The measurement protocols used in the two experimental SANS sessions were very similar. Here, we describe the one for the as-prepared and the sintered samples, while the details for the calcined sample can be found elsewhere.⁴⁹ Prior to the SANS experiments, the samples were heated to 50 °C, transferred to the sample cell in the hot state, and subsequently evacuated inside the sample cell for 2 h at a gas pressure smaller than 10^–2 mbar. Then, the samples were cooled down to 17 °C using a thermostat connected to the sample cell body. During the SANS experiments, the samples were subjected to predefined vapor pressure steps of Z-SLD water in a fully automated, iterative process. After an (unperturbed) equilibration time of 600 s for each relative water vapor pressure, SANS patterns and sample transmission were measured for 1500 and 200 s, respectively. The neutron wavelength was λ = 0.55 nm, the collimation length was 6 m and the sample-detector distance was 5 m. The center of the 2D area detector was shifted with respect to the direct beam, allowing to cover an enlarged range of the scattering vector length q (q = 4π/λ·sin θ with 2θ being the scattering angle) in a single instrument configuration. The thickness of the finally prepared samples were 0.30 and 0.18 mm for the as-prepared and the sintered samples, respectively, and 0.86 mm for the calcined sample. The reduced thickness of the as-prepared and sintered samples ensured that in the given q-range multiple scattering could be neglected.⁵⁸ For the calcined sample, a slight influence of multiple scattering was present and was corrected for in the data analysis.⁵⁹

The reduction of the SANS data was performed with the BerSANS software.⁶⁰ Background correction was performed by subtracting a transmission corrected empty cell measurement from the data. Corrected 2D SANS patterns were azimuthally averaged and scattering cross sections dΣ/dΩ (q) were obtained from absolute intensity calibration using the incoherent scattering of a pure H₂O sample of 1 mm thickness. The range of scattering vector lengths for the given instrument configuration was 0.15 ≤ q ≤ 2.2 nm^–1. Because this q-range was too small to evaluate the incoherent scattering by using Porod’s law as in ref (49), we used another strategy to determine the incoherent scattering from H₂O. All three samples had been measured in their evacuated state with SANS covering an extended q-range at the same instrument in a previous session.⁴⁹ Therefore, the baselines for the incoherent scattering at p/p₀ = 0 could be determined using Porod’s law. Then, the incoherent scattering was calculated for each pressure p/p₀ > 0 from the known water isotherms (Figure 2b) using eq 1 from ref (49). After subtraction of the incoherent scattering of Z-SLD water, the reduced SANS profiles were evaluated with respect to the radial strain of the mesopore lattice by determining the relative shift of the first-order Bragg reflection, leading to the SANS strain isotherm ε_SANS(p/p₀). The detailed procedure to deduce the peak shift of the Bragg peak has been described in ref (49).

Figure 2.

N₂ (a) and H₂O (b) adsorption isotherms in units of specific liquid volume for all three samples. Full symbols denote adsorption, open symbols denote desorption.

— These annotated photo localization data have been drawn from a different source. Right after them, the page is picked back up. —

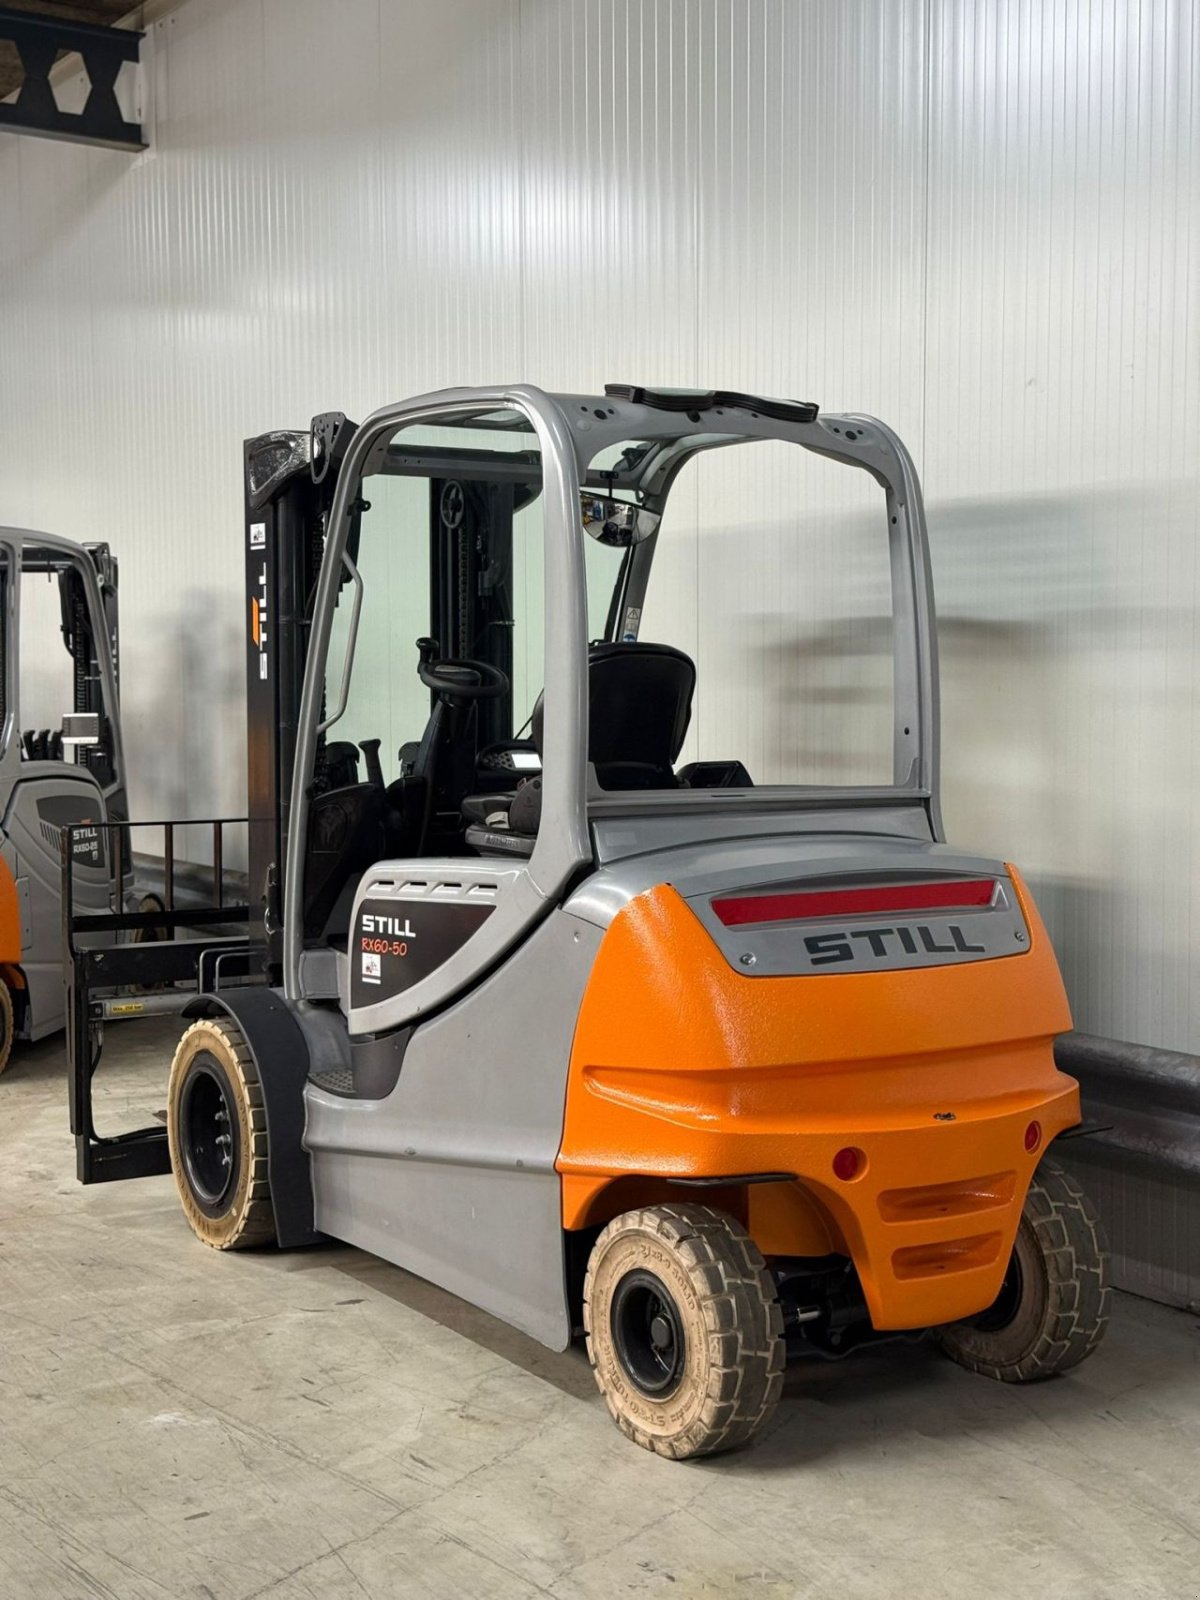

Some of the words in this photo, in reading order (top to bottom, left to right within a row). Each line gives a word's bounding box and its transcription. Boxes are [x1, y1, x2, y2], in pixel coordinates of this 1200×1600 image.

[259, 562, 267, 679] STILL
[73, 826, 98, 840] STILL
[362, 914, 416, 938] STILL
[361, 937, 407, 956] RX60-50
[803, 926, 986, 965] STILL

The in situ dilatometry measurements were performed simultaneously with the SANS measurement for the calcined sample, using a cell for combined SANS/dilatometry.⁴⁹ For the as-prepared and sintered samples, dilatometry measurements were conducted using the mentioned in situ dilatometric setup, with the same adsorbate under exactly the same conditions in the home laboratory several days before the in situ SANS experiments. Prior to the dilatometry measurements, the samples were degassed in the same way as for the in situ SANS runs, that is, at a temperature of 50 °C for 2 h at pressures below 10^–2 mbar. The result of the in situ dilatometry measurement is the dilatometric strain isotherm ε_dil(p/p₀), that is, the relative length change ε_dil of the monolithic sample as a function of the relative pressure p/p₀.

Results and Discussion

Sample Characterization

The monolithic silica samples with a typical cylindrical shape (about 5 mm diameter and several cm length) exhibit hierarchical porosity with macro-, meso-, and micropores. SEM images of the as-prepared sample are shown in Figure 1a,b. The SEM images of the other samples are very similar and are not shown here. The SEM images reveal that the samples consist of a disordered 3-dimensional network of cylindrical struts, which comprise ordered cylindrical mesopores with a pore distance of roughly 10 nm. The N₂ adsorption isotherms are presented in Figure 2a, and the resulting structural parameters deduced from these isotherms are given in Table 1 along with the results of the density measurements.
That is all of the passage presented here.